Technology is a vital and ubiquitous part of today’s world. As an integral part of our everyday lives, technology has become an inseparable part of society, impacting us both directly and indirectly, shaping our behaviours and, in turn, being shaped by them. In this way, we can view technology from a human perspective, although not always to the direct benefit of humanity.
Also, Covid-19 has changed many aspects of people’s lives worldwide, with technology playing a huge part in this transformation.
The Pew Research Center conducted a survey in April 2021 that revealed that most American adults (90%) said the internet was important to them during the pandemic.
How technology helped us as humans
Digital technology turned out to be a godsend in disguise, allowing people to remain emotionally attached despite the social distance. The limits imposed by the pandemic provided a unique opportunity to check the functionality of digital tools for communication and virtual meetings as a substitute for genuine face-to-face interactions on the field.

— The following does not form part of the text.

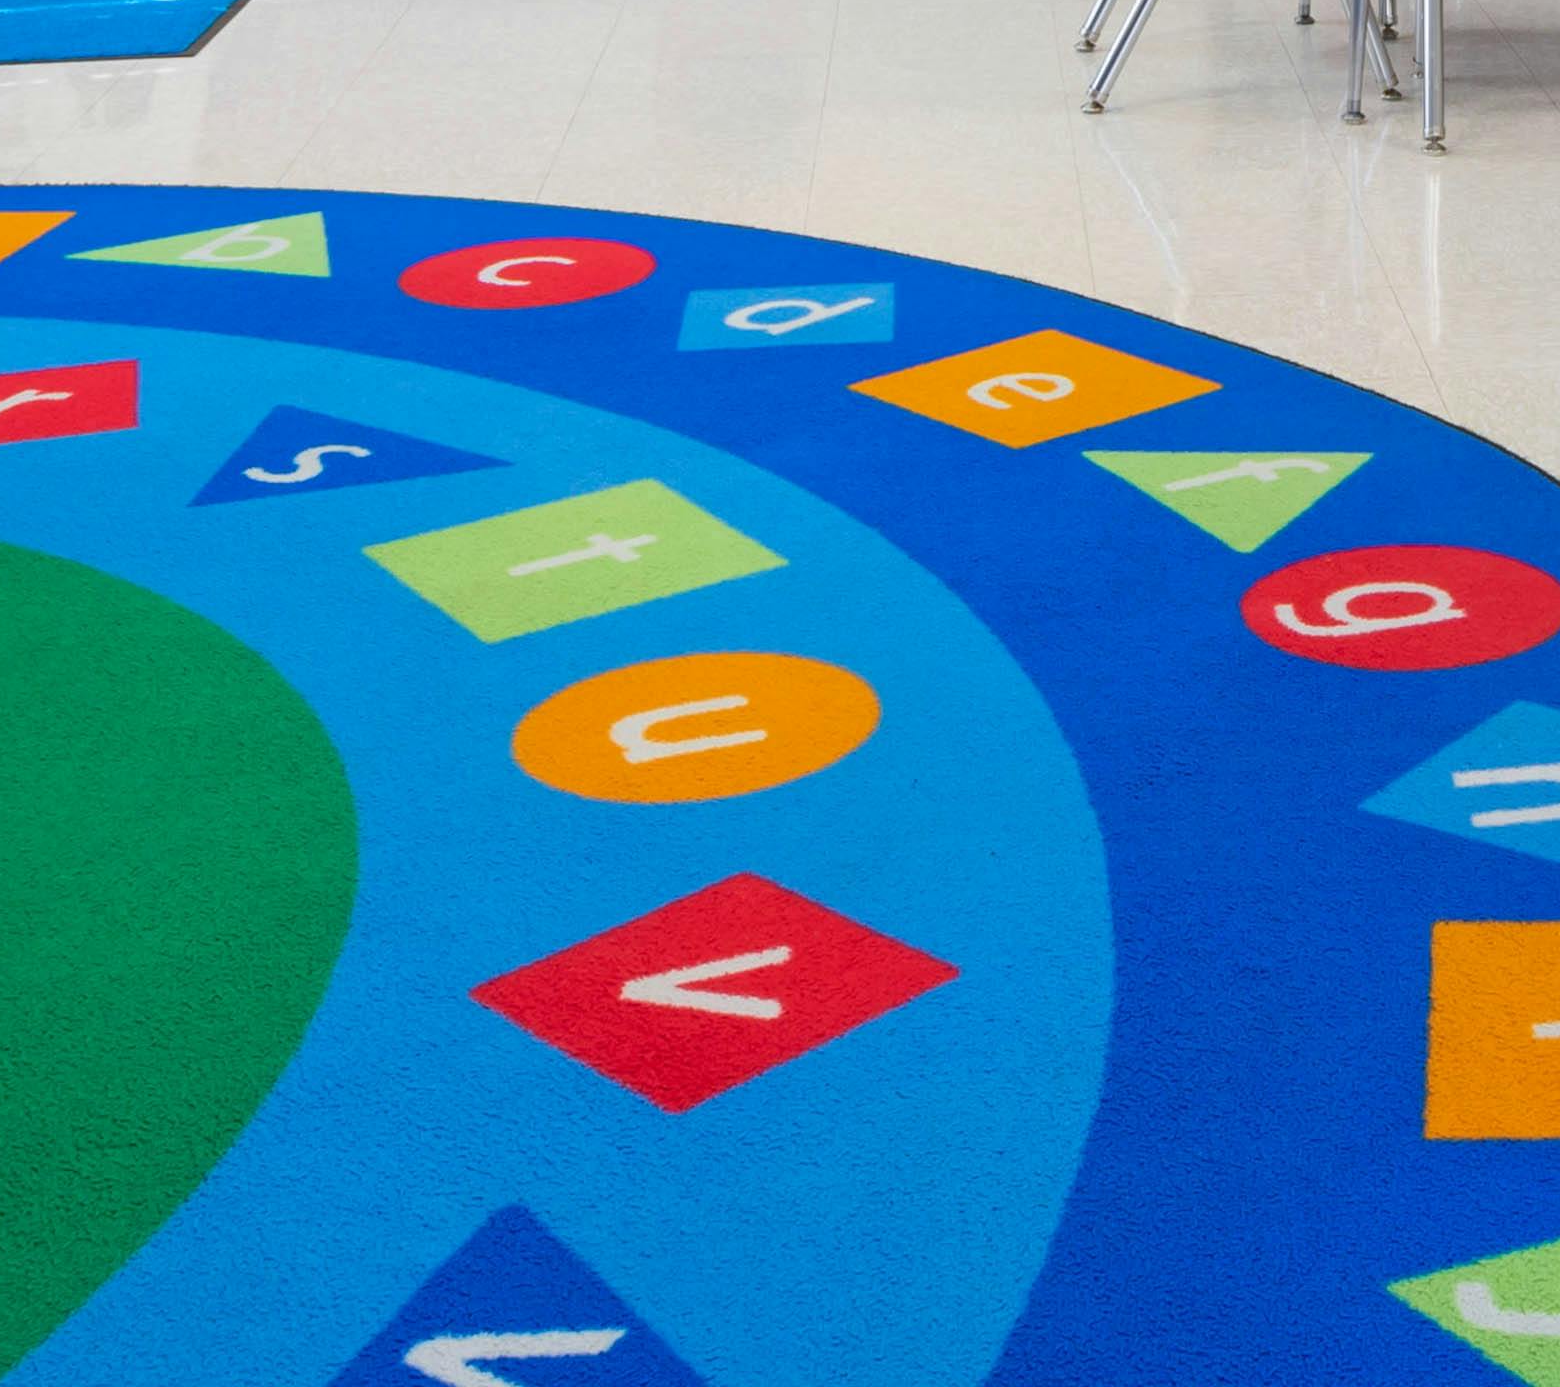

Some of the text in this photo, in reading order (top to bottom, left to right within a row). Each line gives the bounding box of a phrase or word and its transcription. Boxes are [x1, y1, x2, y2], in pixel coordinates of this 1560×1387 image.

Pub quiz applications and virtual quiz evenings presented online kept people close from a distance, while apps like Netflix Party allowed users to view a movie or series together at the same time. Indeed, the use of communication tools during a lockdown may play an important role in increasing the impression of social support, which may operate as a buffer against the negative impact of social limitations.

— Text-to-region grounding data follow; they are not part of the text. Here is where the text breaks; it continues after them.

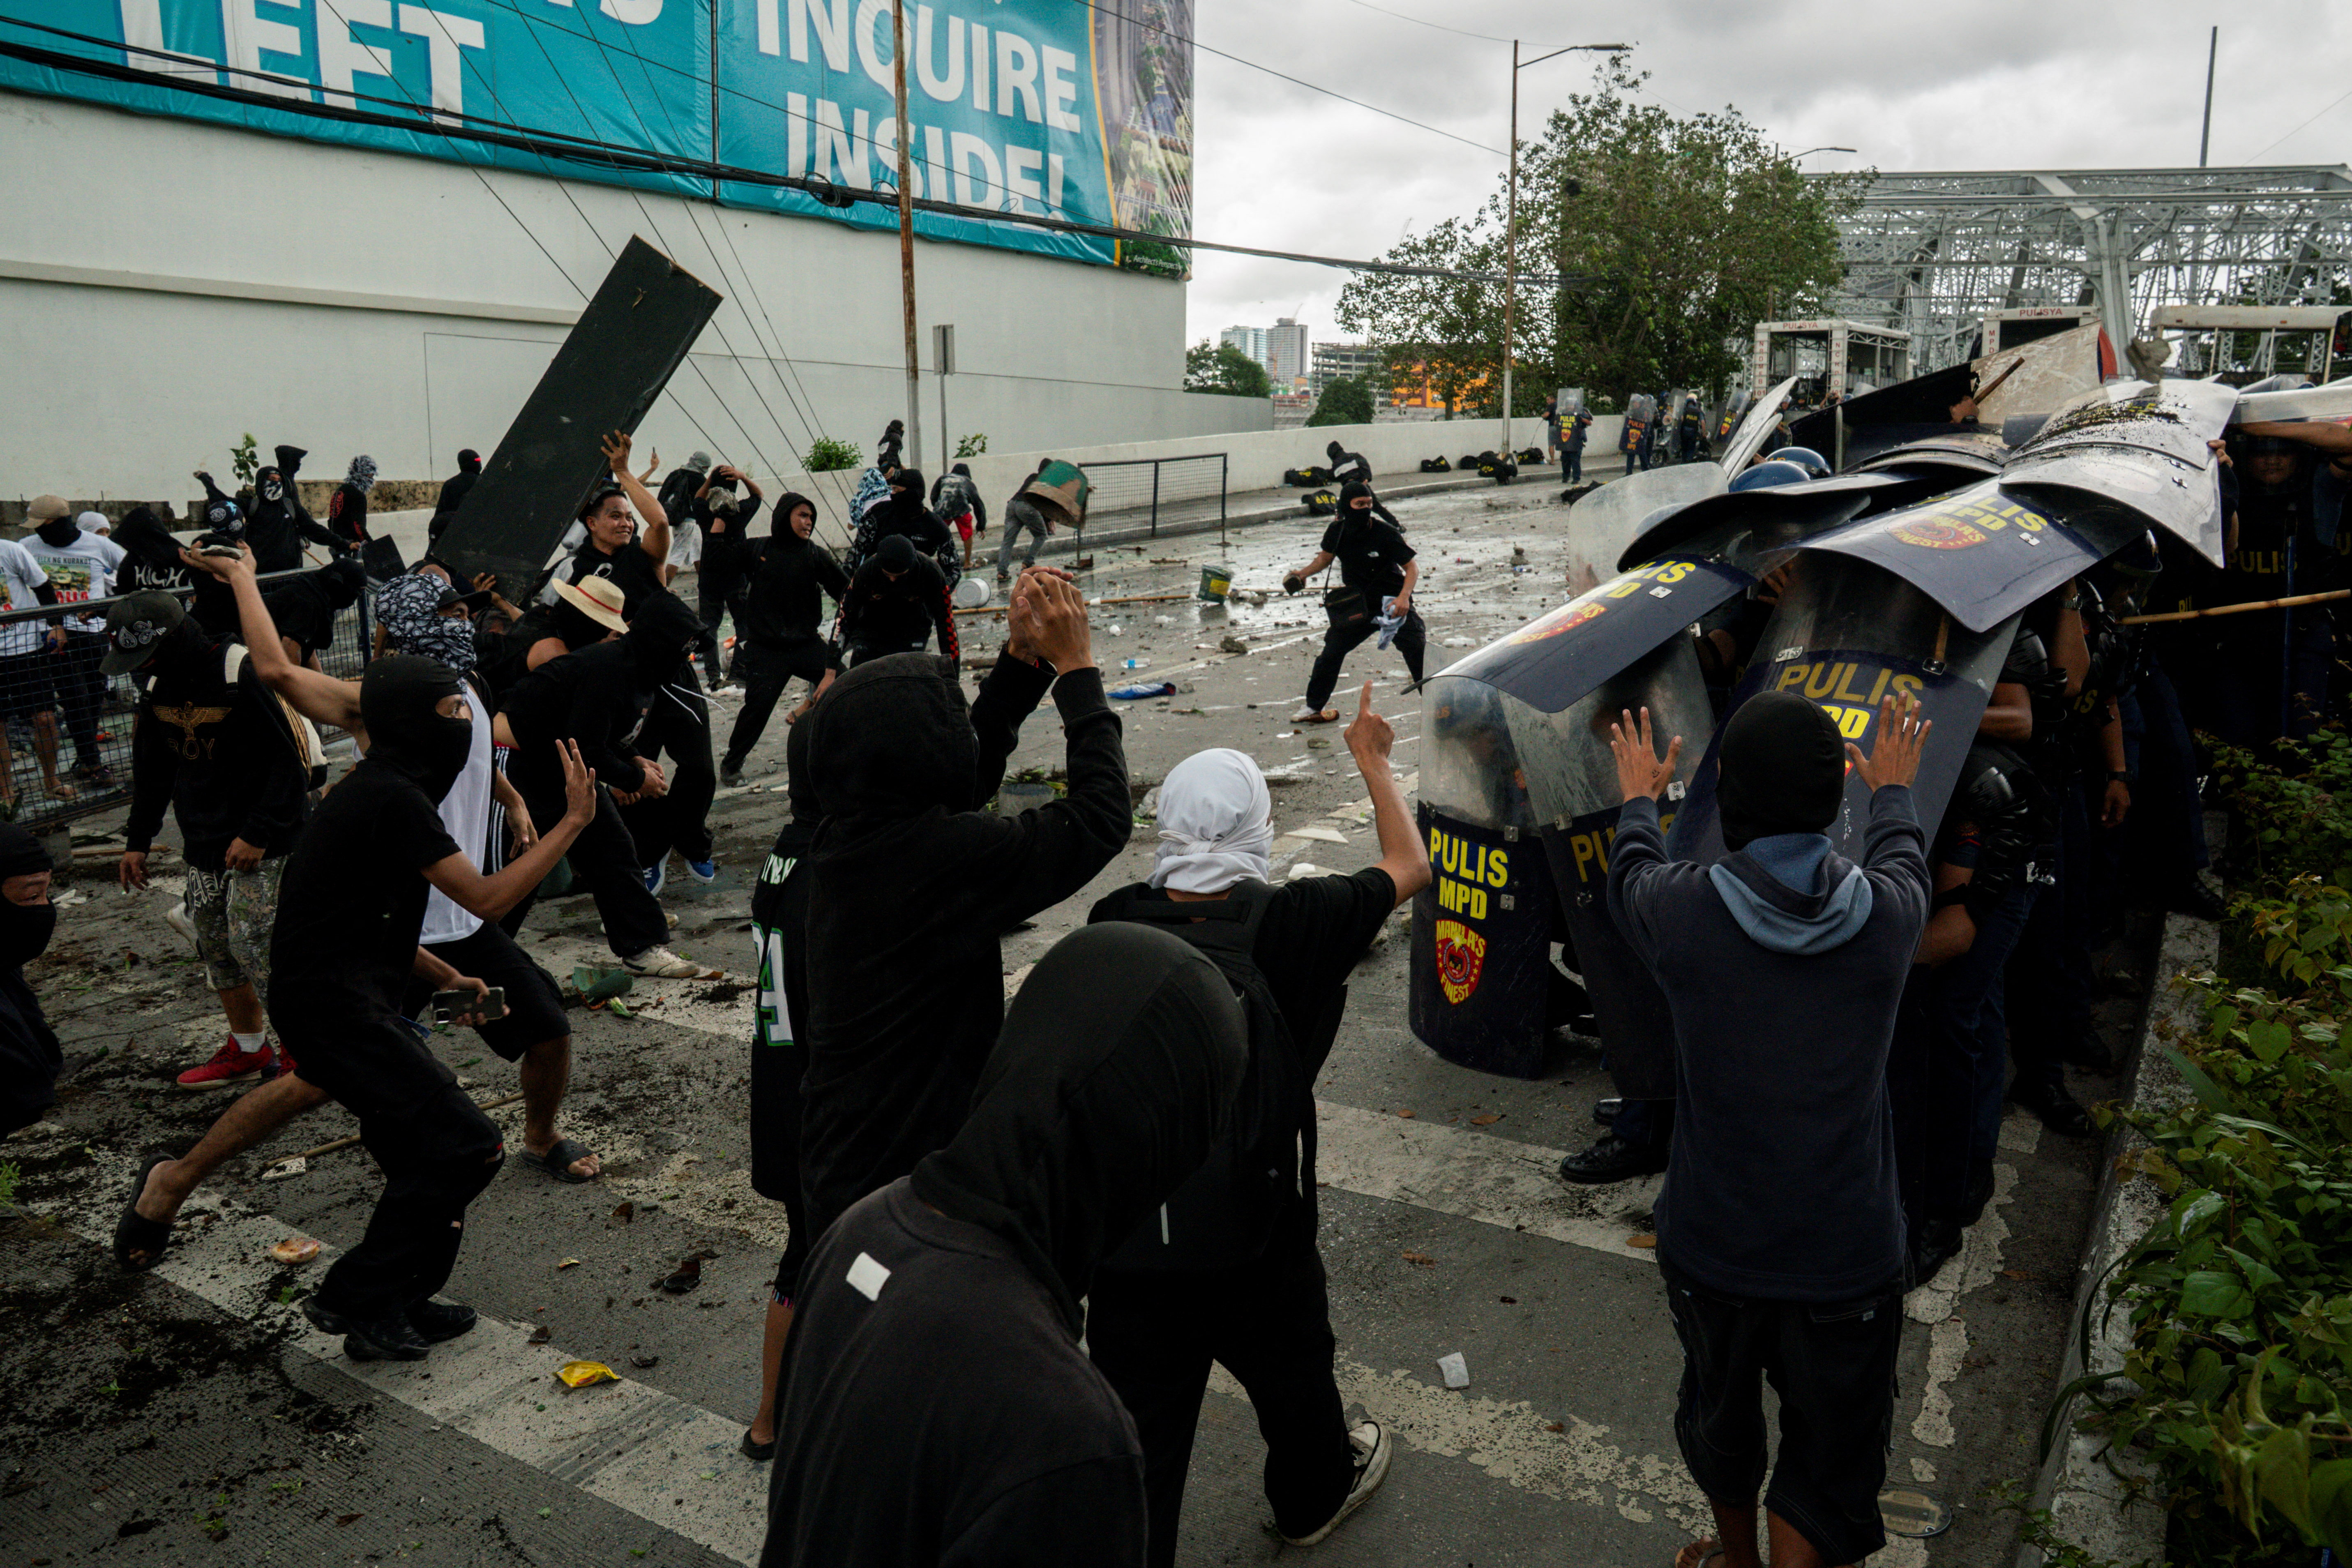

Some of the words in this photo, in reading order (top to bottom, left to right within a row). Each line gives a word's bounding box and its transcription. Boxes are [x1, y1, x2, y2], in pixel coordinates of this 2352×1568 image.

[120, 0, 485, 128] LEFT
[756, 0, 1081, 134] INQUIRE
[787, 92, 1065, 236] INSIDE!
[1133, 255, 1158, 266] Architect's
[1628, 420, 1645, 429] PULIS
[1775, 662, 1923, 712] PULIS
[1430, 827, 1509, 888] PULIS
[1439, 877, 1487, 920] MPD
[1436, 920, 1485, 958] MANILA'S
[1441, 973, 1469, 1003] FINEST

Does tech replace human connection?
However, while thoughtful (and controlled) use of digital devices is related to well-being, excessive screen time has been linked to a variety of poor mental health outcomes such as psychological difficulties, low emotional stability, and an increased risk of melancholy or anxiety.
Trust is built entirely on nonverbal clues. Even though much of it is done unconsciously, you may learn a lot just by looking at someone. When a person is joyful or pleased, their pupils widen, and when they are unhappy, they constrict.
When you meet somebody in person and merely gaze into their eyes, you acquire this emotional information. When you’re talking to someone face to face, it’s more difficult to mask your dissatisfaction with anything. Human contact helps to create trust by inducing the brain’s reward regions to engage.
In summary, as restrictions are becoming more flexible, we need to enjoy the technological advances from the last two years while balancing seeing our peers face-to-face.